Although less advanced than the Enclave, Brotherhood soldiers are generally equipped with Energy Weapons and suits of Power armor, usually either the T-51b or T-45d models, both of which were designed before the Great War. Recon armor is also widely used, primarily by scouts, knights, and initiates. In addition, the Brotherhood has access to some of the best medical technology available in the post-war world, and other technologies such as cybernetics and surgical implants.
The Brotherhood also has access to advanced computers which they have found in various military bases and Vault-Tec Vaults such as the Lost Hills bunker, the ruins of the Pentagon, Bunkers Alpha, Beta, Gamma, Hidden Valley and the Vault Prototype.
They also possess heavy duty combat robots that have assisted them in battle, like the intimidating sentry bots, and even a 40-foot Communist-hating metal giant in the hands of the Capital Wasteland detachment.
- Despite being relatively small (compared to groups such as the NCR), the Brotherhood is probably the most widely spread faction in post-war America.
- They are the only group outside of the Enclave that uses Power Armor (and that can train others to use it). Some NCR soldiers in the Mojave wasteland, however, wear non-functioning power armor.
- Most members of the Brotherhood are usually gruff in dealing with outsiders and usually extremely rude towards mutated creatures such as ghouls or super mutants.
- The Brotherhood is extremely territorial when it comes to technology and will defend any technological relic to the death. In Fallout: New Vegas it is mentioned that an elder was severely punished for destroying a piece of unknown technology.
- Despite revering pre-war technology, the Brotherhood has no interest in medical technology like prosthetic organs or Auto-Docs.
- A lot of other BoS chapters such as the Midwestern and Capital Wasteland divisions changed their ideology - the Midwest BoS even recruits mutants into their chapter; the Capital Wasteland BoS recruits any wastelander into their chapter and also tries to get support from them; the Mojave chapter's former elder, Elijah, also wanted to get more recruits from the outside, and as such he would dispatch scribes to retrieve farming equipment and other beneficial technology, believing that the Brotherhood would be unable to survive without providing tech to the people of the wastes, gaining their favor and with it more recruits. But, his idea was not shared by his successor.

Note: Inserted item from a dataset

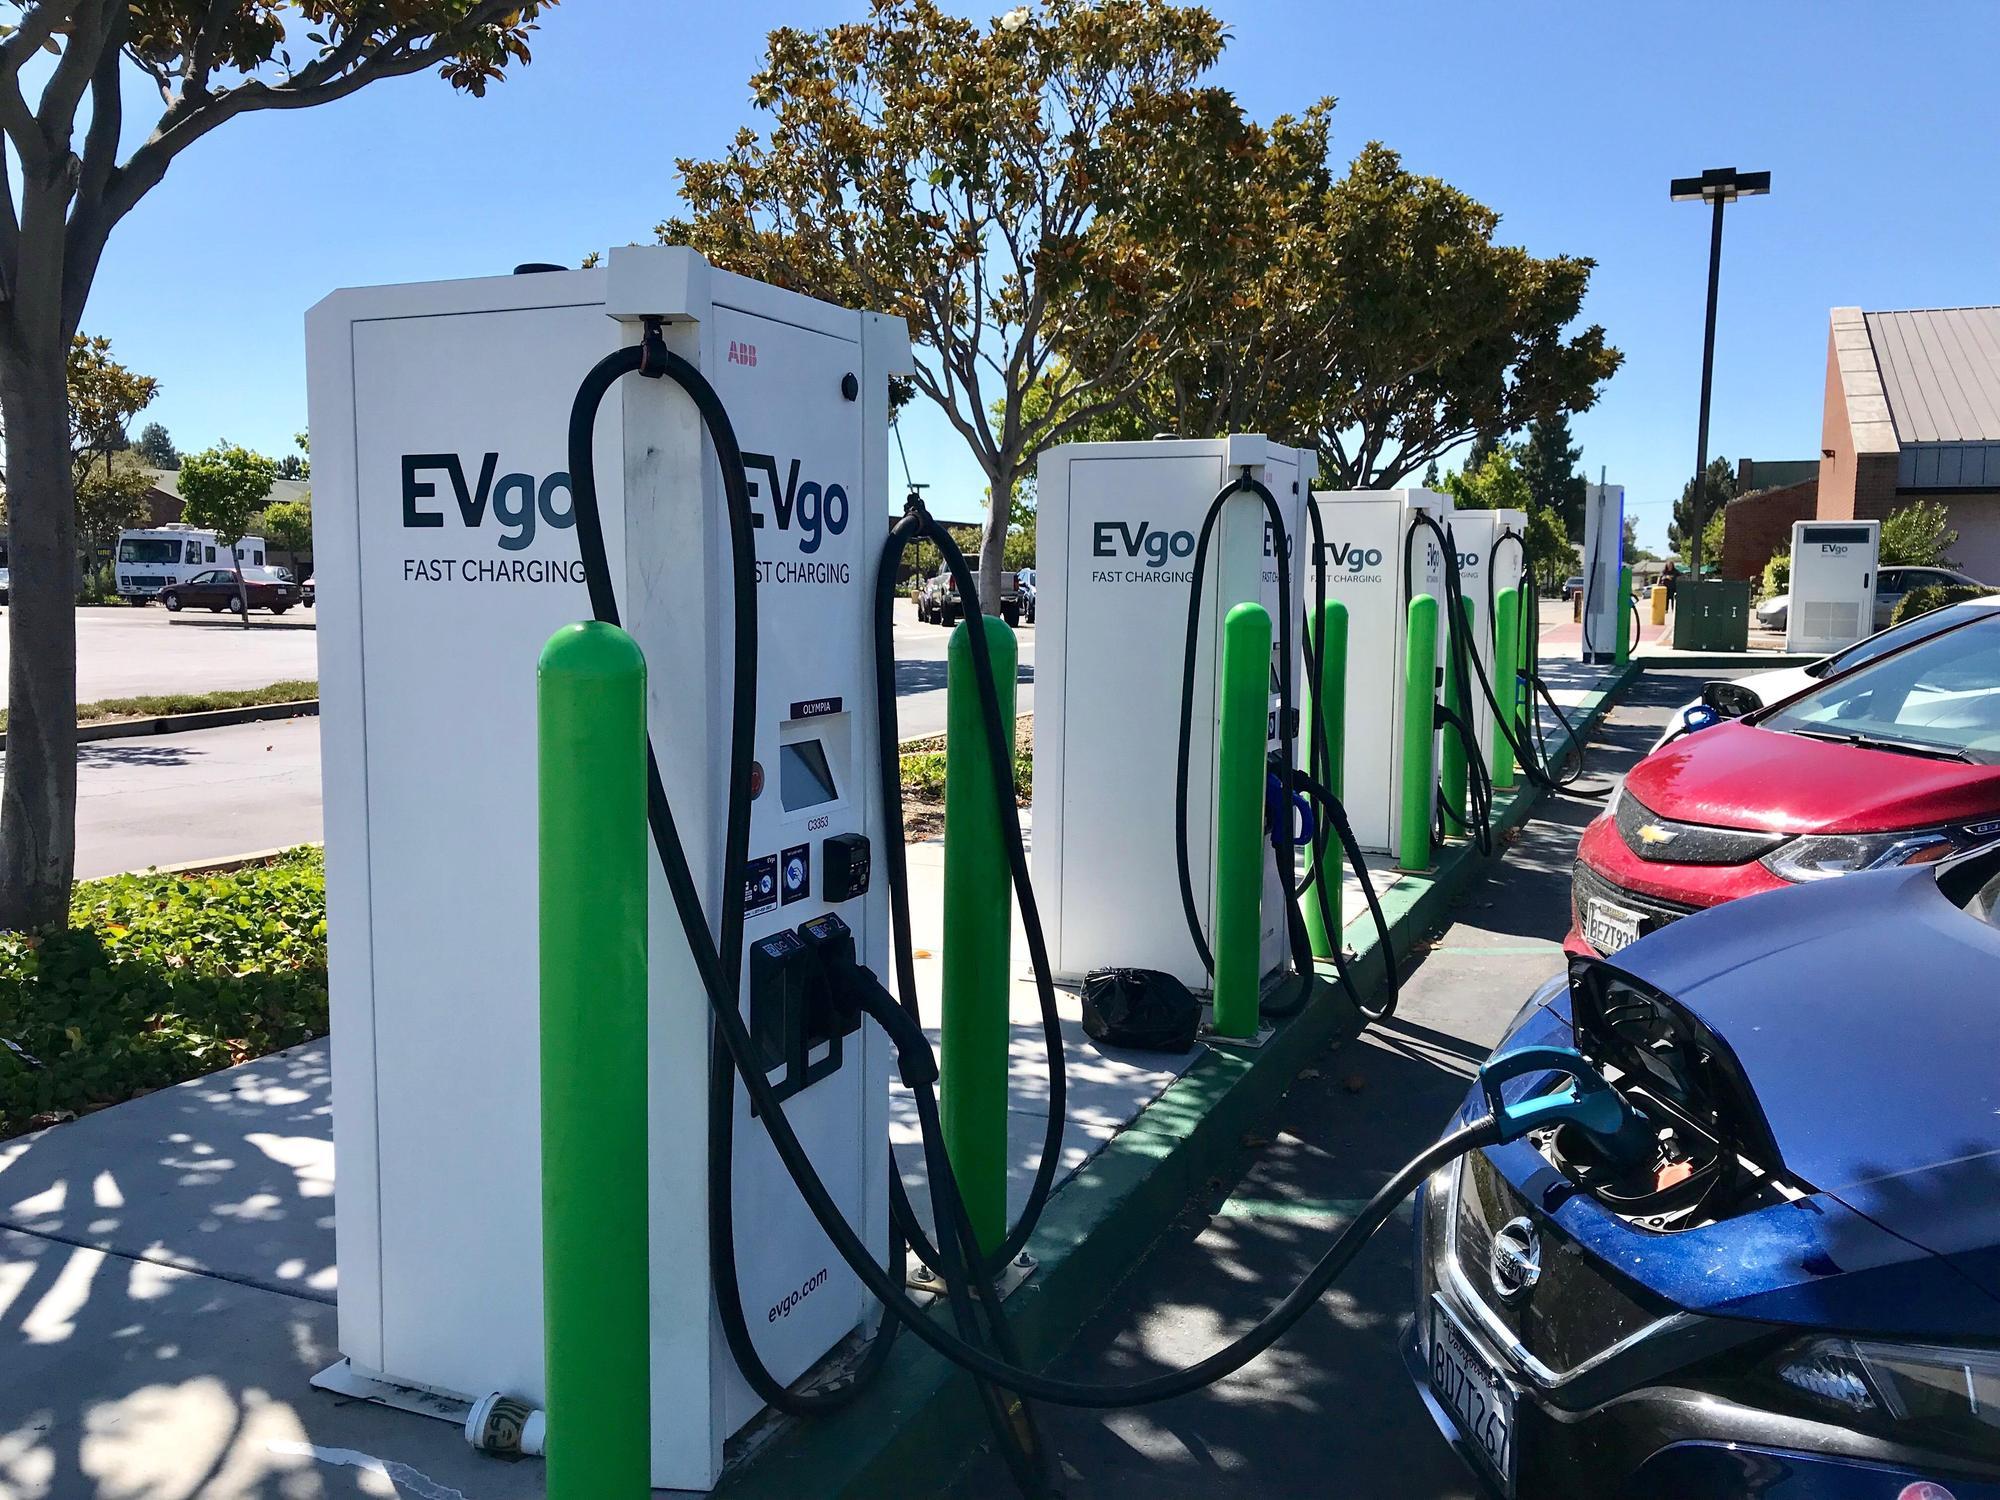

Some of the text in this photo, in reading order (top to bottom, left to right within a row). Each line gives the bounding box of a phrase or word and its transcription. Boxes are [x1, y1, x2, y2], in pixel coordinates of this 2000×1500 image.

- The Brotherhood of Steel does not appear as interested in technology on the East Coast but rather seem to be more interested in trying to restore the Wasteland. Their ethical concerns that stemmed from the increase of super mutant activity and not the acquisition of new tech caused them to sever their connections with the main BoS HQ and become a faction in their own right.
- The actions of the Brotherhood of Steel on the Eastern seaboard encouraged a section of BoS knights and paladins and scribes - who still upheld the original ideology of the Brotherhood - to schism off, forming the Brotherhood Outcasts.
- According the Citadel terminal entries, the Brotherhood in Lost Hill began protecting Maxson in the NCR before or by 2277. It also mentions an internal conflict, possibly a civil war, in the Brotherhood of Steel on the West Coast. This conflict forced Arthur Maxson to live in the Citadel.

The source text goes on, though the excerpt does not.